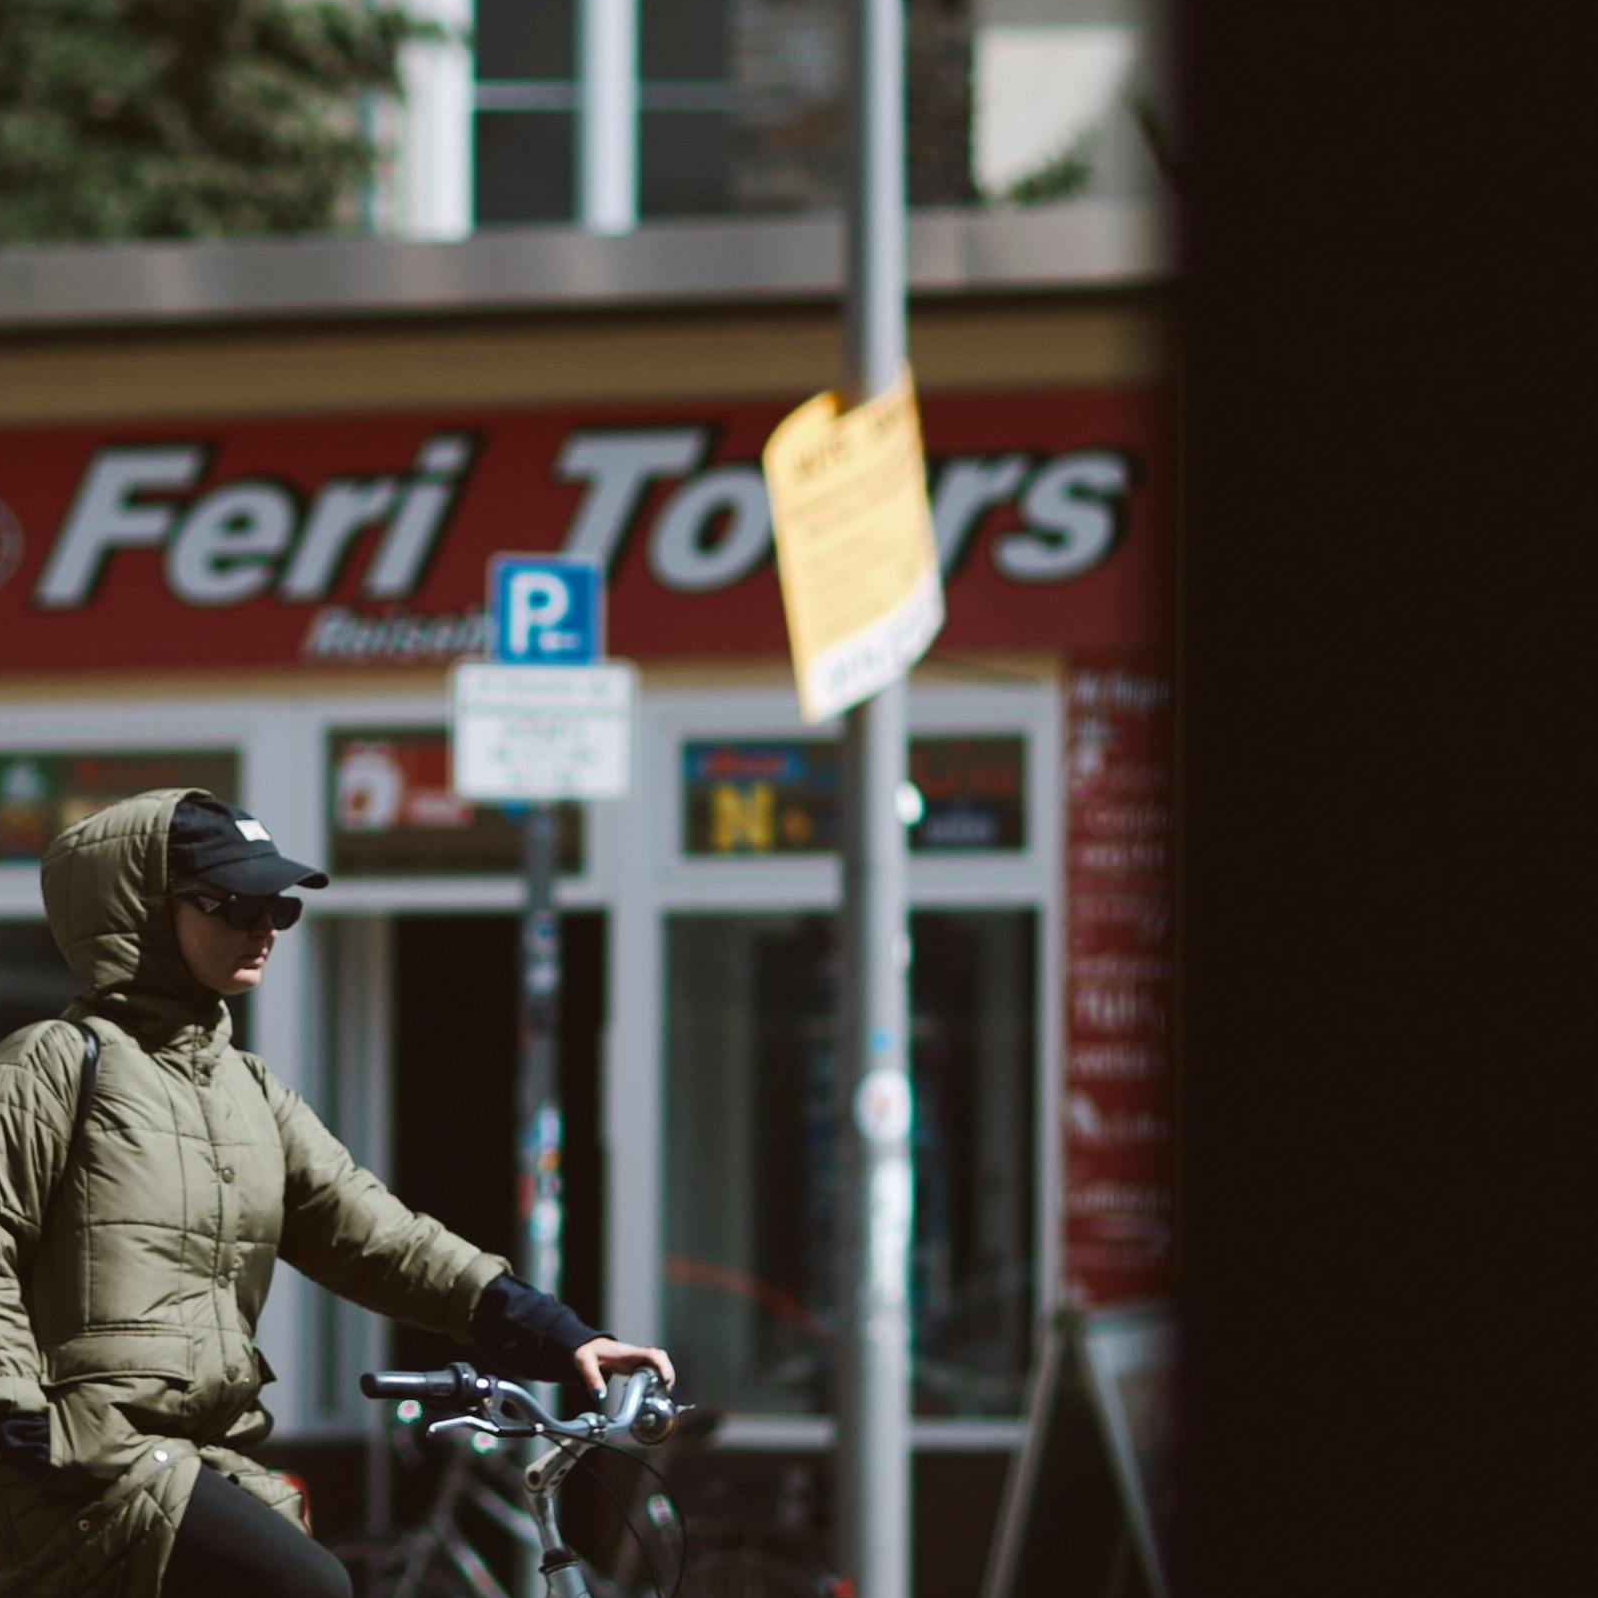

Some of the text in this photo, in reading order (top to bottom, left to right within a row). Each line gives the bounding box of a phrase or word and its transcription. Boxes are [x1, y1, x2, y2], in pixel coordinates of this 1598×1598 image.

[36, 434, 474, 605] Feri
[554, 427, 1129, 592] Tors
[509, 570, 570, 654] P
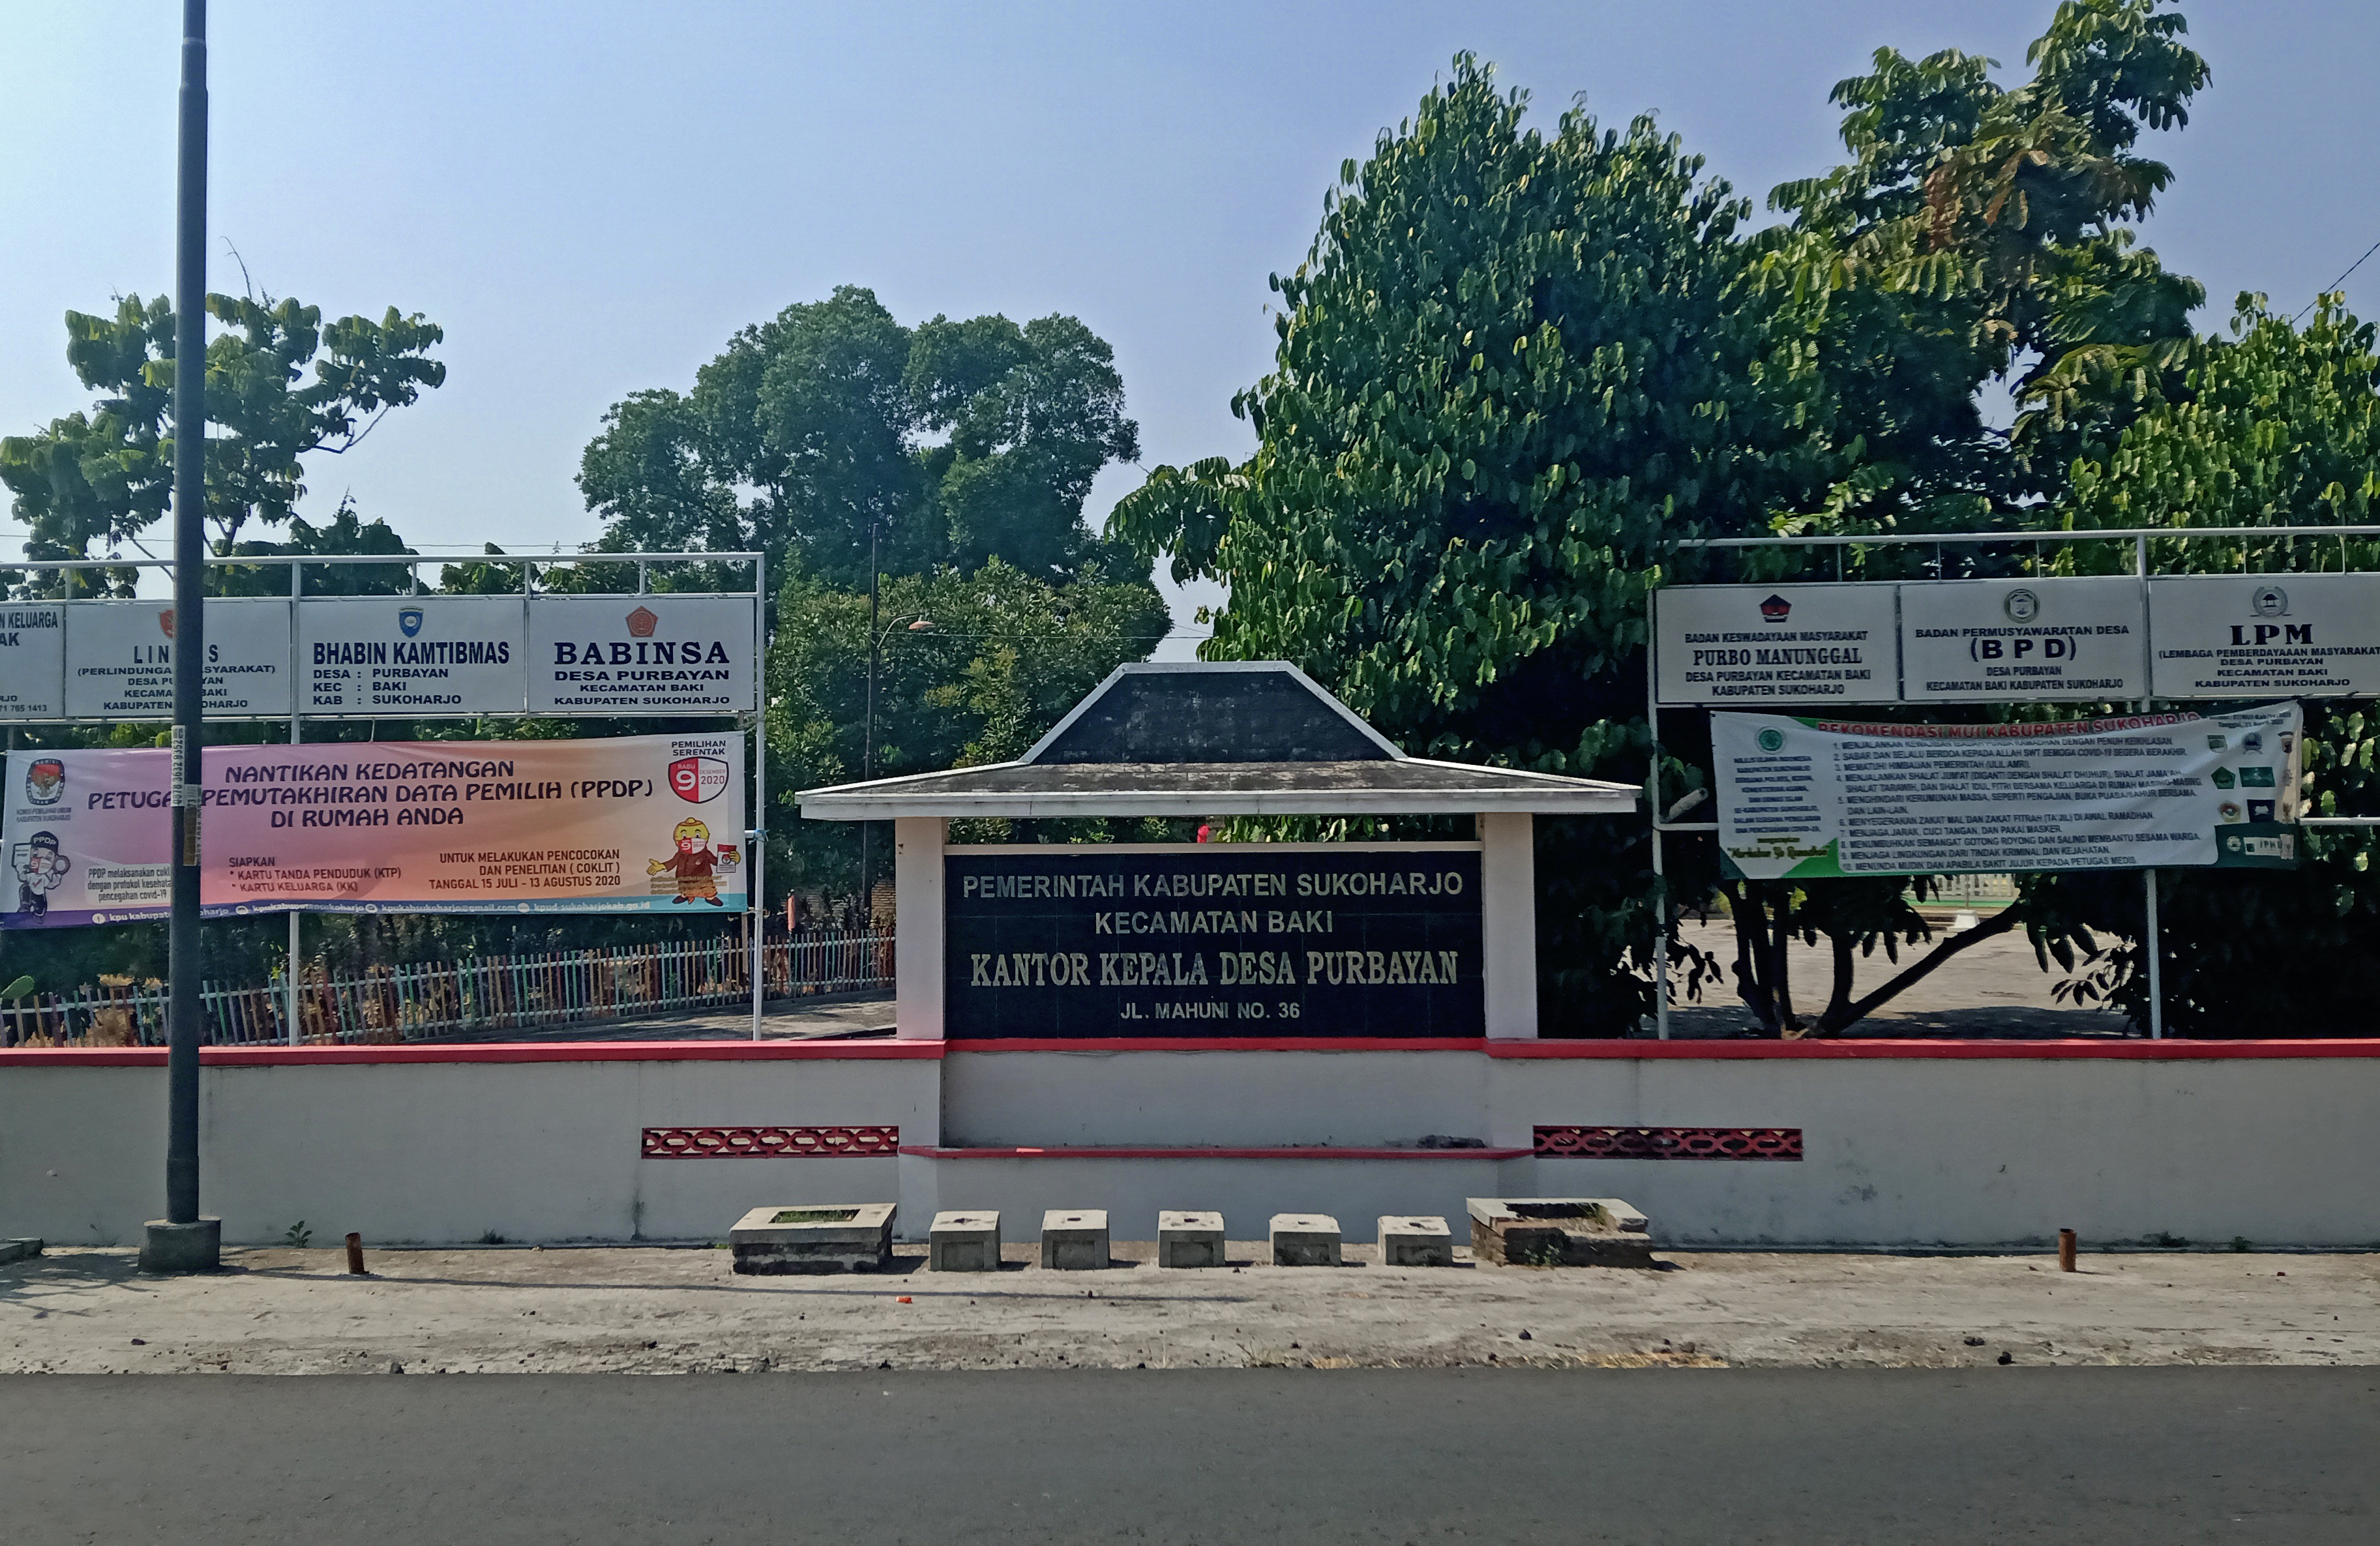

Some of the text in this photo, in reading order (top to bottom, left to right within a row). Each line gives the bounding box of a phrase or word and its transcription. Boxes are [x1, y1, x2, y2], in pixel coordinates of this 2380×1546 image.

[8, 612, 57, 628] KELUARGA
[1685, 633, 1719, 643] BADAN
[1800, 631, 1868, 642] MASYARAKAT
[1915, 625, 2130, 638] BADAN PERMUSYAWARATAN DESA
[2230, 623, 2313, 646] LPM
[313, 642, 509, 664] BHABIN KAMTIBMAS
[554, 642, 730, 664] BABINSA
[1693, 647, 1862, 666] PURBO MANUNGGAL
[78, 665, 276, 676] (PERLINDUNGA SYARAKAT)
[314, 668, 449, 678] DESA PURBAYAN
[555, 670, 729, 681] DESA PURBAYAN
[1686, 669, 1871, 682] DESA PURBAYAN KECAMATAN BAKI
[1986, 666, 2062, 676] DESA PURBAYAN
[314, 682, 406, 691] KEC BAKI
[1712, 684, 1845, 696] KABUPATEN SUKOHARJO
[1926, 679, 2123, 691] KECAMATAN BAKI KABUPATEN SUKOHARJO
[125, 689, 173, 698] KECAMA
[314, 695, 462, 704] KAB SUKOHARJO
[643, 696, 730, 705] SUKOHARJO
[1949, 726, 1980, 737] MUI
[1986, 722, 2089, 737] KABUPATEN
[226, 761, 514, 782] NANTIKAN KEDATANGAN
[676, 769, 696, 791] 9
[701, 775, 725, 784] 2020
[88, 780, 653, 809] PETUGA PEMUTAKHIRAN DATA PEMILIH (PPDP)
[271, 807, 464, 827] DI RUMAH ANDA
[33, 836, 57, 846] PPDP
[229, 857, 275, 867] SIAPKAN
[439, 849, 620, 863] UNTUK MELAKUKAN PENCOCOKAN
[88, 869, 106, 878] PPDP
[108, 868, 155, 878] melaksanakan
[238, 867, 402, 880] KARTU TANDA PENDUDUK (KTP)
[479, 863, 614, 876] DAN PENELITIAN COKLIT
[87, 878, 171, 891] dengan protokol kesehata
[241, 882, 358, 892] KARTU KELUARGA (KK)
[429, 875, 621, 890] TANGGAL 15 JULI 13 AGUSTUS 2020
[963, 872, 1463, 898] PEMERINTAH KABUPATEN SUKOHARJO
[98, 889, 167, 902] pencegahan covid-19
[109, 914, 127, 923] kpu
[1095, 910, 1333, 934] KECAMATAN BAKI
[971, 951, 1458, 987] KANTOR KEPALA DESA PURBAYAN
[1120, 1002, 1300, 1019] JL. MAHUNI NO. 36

What you need to do ▸ Transcribe the entries above word for word, but leave every picture out of your copy.

Exercise answer ▸
Some of the text in this photo, in reading order (top to bottom, left to right within a row). Each line gives the bounding box of a phrase or word and its transcription. Boxes are [x1, y1, x2, y2], in pixel coordinates of this 1598×1598 image.

[36, 434, 474, 605] Feri
[554, 427, 1129, 592] Tors
[509, 570, 570, 654] P

Some of the text in this photo, in reading order (top to bottom, left to right within a row). Each line gives the bounding box of a phrase or word and its transcription. Boxes are [x1, y1, x2, y2], in pixel coordinates of this 2380×1546 image.

[8, 612, 57, 628] KELUARGA
[1685, 633, 1719, 643] BADAN
[1800, 631, 1868, 642] MASYARAKAT
[1915, 625, 2130, 638] BADAN PERMUSYAWARATAN DESA
[2230, 623, 2313, 646] LPM
[313, 642, 509, 664] BHABIN KAMTIBMAS
[554, 642, 730, 664] BABINSA
[1693, 647, 1862, 666] PURBO MANUNGGAL
[78, 665, 276, 676] (PERLINDUNGA SYARAKAT)
[314, 668, 449, 678] DESA PURBAYAN
[555, 670, 729, 681] DESA PURBAYAN
[1686, 669, 1871, 682] DESA PURBAYAN KECAMATAN BAKI
[1986, 666, 2062, 676] DESA PURBAYAN
[314, 682, 406, 691] KEC BAKI
[1712, 684, 1845, 696] KABUPATEN SUKOHARJO
[1926, 679, 2123, 691] KECAMATAN BAKI KABUPATEN SUKOHARJO
[125, 689, 173, 698] KECAMA
[314, 695, 462, 704] KAB SUKOHARJO
[643, 696, 730, 705] SUKOHARJO
[1949, 726, 1980, 737] MUI
[1986, 722, 2089, 737] KABUPATEN
[226, 761, 514, 782] NANTIKAN KEDATANGAN
[676, 769, 696, 791] 9
[701, 775, 725, 784] 2020
[88, 780, 653, 809] PETUGA PEMUTAKHIRAN DATA PEMILIH (PPDP)
[271, 807, 464, 827] DI RUMAH ANDA
[33, 836, 57, 846] PPDP
[229, 857, 275, 867] SIAPKAN
[439, 849, 620, 863] UNTUK MELAKUKAN PENCOCOKAN
[88, 869, 106, 878] PPDP
[108, 868, 155, 878] melaksanakan
[238, 867, 402, 880] KARTU TANDA PENDUDUK (KTP)
[479, 863, 614, 876] DAN PENELITIAN COKLIT
[87, 878, 171, 891] dengan protokol kesehata
[241, 882, 358, 892] KARTU KELUARGA (KK)
[429, 875, 621, 890] TANGGAL 15 JULI 13 AGUSTUS 2020
[963, 872, 1463, 898] PEMERINTAH KABUPATEN SUKOHARJO
[98, 889, 167, 902] pencegahan covid-19
[109, 914, 127, 923] kpu
[1095, 910, 1333, 934] KECAMATAN BAKI
[971, 951, 1458, 987] KANTOR KEPALA DESA PURBAYAN
[1120, 1002, 1300, 1019] JL. MAHUNI NO. 36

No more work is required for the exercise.